Task to complete: Each of the entries below is to be written out exactly, and the images skipped.

Images for object localization:
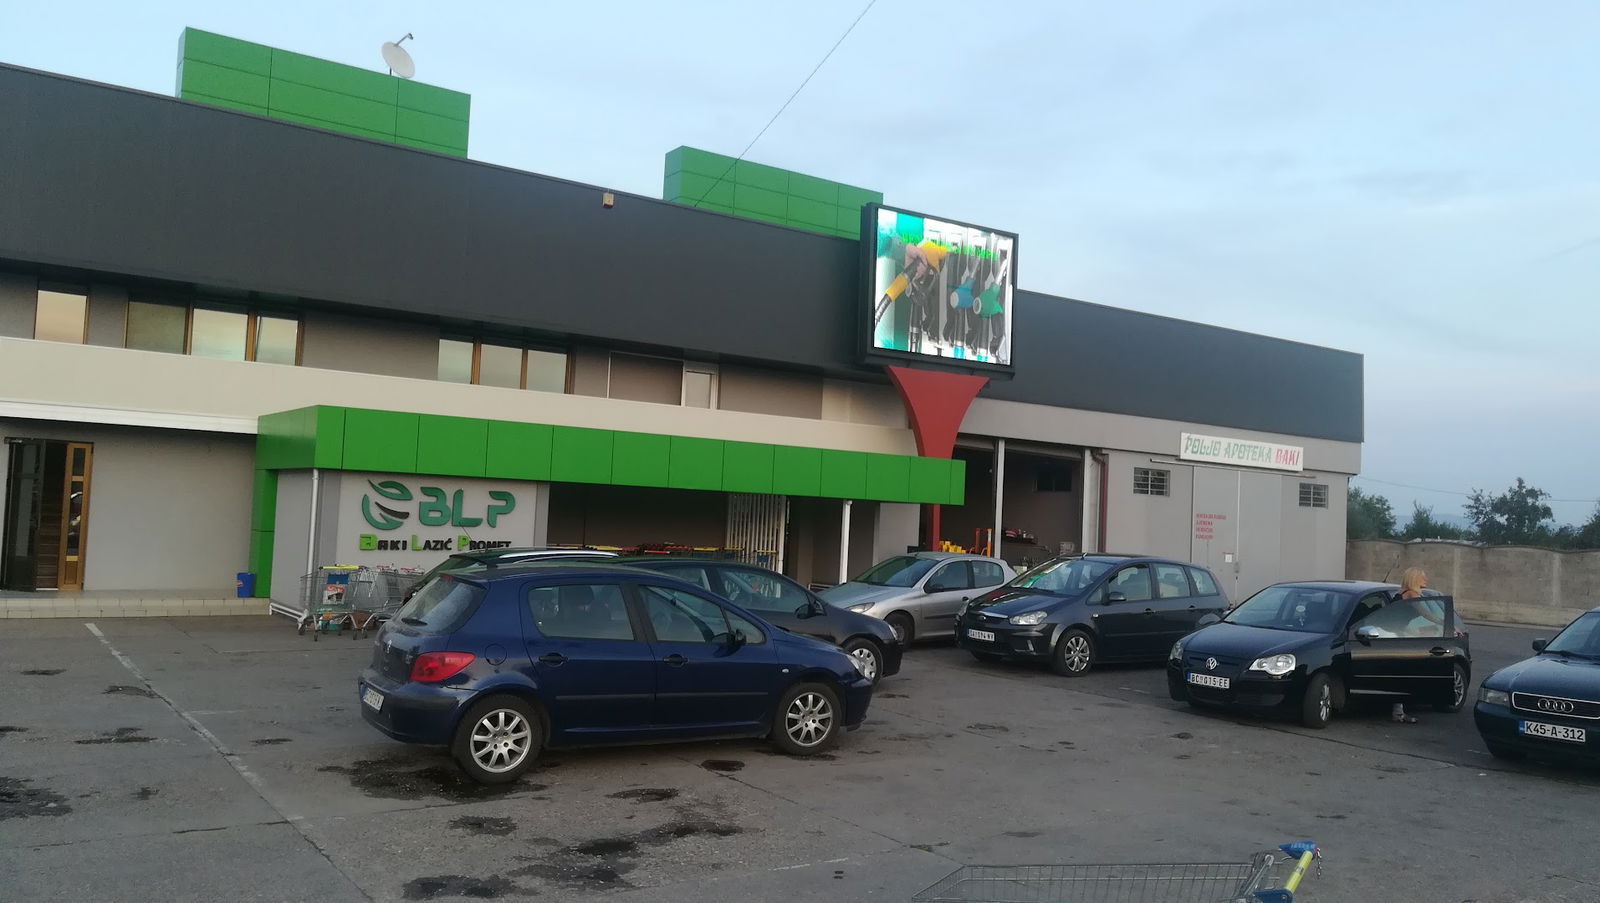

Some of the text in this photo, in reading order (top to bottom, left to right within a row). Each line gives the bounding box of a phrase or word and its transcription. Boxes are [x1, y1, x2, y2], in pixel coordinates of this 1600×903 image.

[1224, 441, 1272, 463] APOTEKA
[418, 486, 516, 528] BLP
[359, 533, 512, 551] BAKI LAZIĆ PROMET
[1525, 722, 1584, 741] K45-A-312

Written answer:
Some of the text in this photo, in reading order (top to bottom, left to right within a row). Each line gives the bounding box of a phrase or word and its transcription. Boxes are [x1, y1, x2, y2], in pixel coordinates of this 1600×903 image.

[1224, 441, 1272, 463] APOTEKA
[418, 486, 516, 528] BLP
[359, 533, 512, 551] BAKI LAZIĆ PROMET
[1525, 722, 1584, 741] K45-A-312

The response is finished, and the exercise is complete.